TRY IT —
Line by line, copy the data below exactly.

Saved entries
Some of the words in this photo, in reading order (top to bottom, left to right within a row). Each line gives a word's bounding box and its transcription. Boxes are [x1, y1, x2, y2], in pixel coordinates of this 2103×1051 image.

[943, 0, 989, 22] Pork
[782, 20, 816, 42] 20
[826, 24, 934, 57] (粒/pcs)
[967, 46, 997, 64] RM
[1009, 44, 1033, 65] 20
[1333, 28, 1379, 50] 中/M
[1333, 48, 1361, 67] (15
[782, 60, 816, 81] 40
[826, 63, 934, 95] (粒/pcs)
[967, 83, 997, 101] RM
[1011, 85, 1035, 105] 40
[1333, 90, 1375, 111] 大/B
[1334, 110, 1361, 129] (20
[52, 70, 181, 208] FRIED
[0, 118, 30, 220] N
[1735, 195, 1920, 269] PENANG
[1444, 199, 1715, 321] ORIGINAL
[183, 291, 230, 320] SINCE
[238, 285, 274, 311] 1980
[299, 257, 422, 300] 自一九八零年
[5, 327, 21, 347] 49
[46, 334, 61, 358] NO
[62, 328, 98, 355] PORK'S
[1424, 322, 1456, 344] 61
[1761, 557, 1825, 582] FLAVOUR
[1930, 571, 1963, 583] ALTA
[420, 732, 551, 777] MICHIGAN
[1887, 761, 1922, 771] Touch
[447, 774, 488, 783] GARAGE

RESPONSE BELOW —
Some of the words in this photo, in reading order (top to bottom, left to right within a row). Each line gives a word's bounding box and its transcription. Boxes are [x1, y1, x2, y2], in pixel coordinates of this 2103×1051 image.

[943, 0, 989, 22] Pork
[782, 20, 816, 42] 20
[826, 24, 934, 57] (粒/pcs)
[967, 46, 997, 64] RM
[1009, 44, 1033, 65] 20
[1333, 28, 1379, 50] 中/M
[1333, 48, 1361, 67] (15
[782, 60, 816, 81] 40
[826, 63, 934, 95] (粒/pcs)
[967, 83, 997, 101] RM
[1011, 85, 1035, 105] 40
[1333, 90, 1375, 111] 大/B
[1334, 110, 1361, 129] (20
[52, 70, 181, 208] FRIED
[0, 118, 30, 220] N
[1735, 195, 1920, 269] PENANG
[1444, 199, 1715, 321] ORIGINAL
[183, 291, 230, 320] SINCE
[238, 285, 274, 311] 1980
[299, 257, 422, 300] 自一九八零年
[5, 327, 21, 347] 49
[46, 334, 61, 358] NO
[62, 328, 98, 355] PORK'S
[1424, 322, 1456, 344] 61
[1761, 557, 1825, 582] FLAVOUR
[1930, 571, 1963, 583] ALTA
[420, 732, 551, 777] MICHIGAN
[1887, 761, 1922, 771] Touch
[447, 774, 488, 783] GARAGE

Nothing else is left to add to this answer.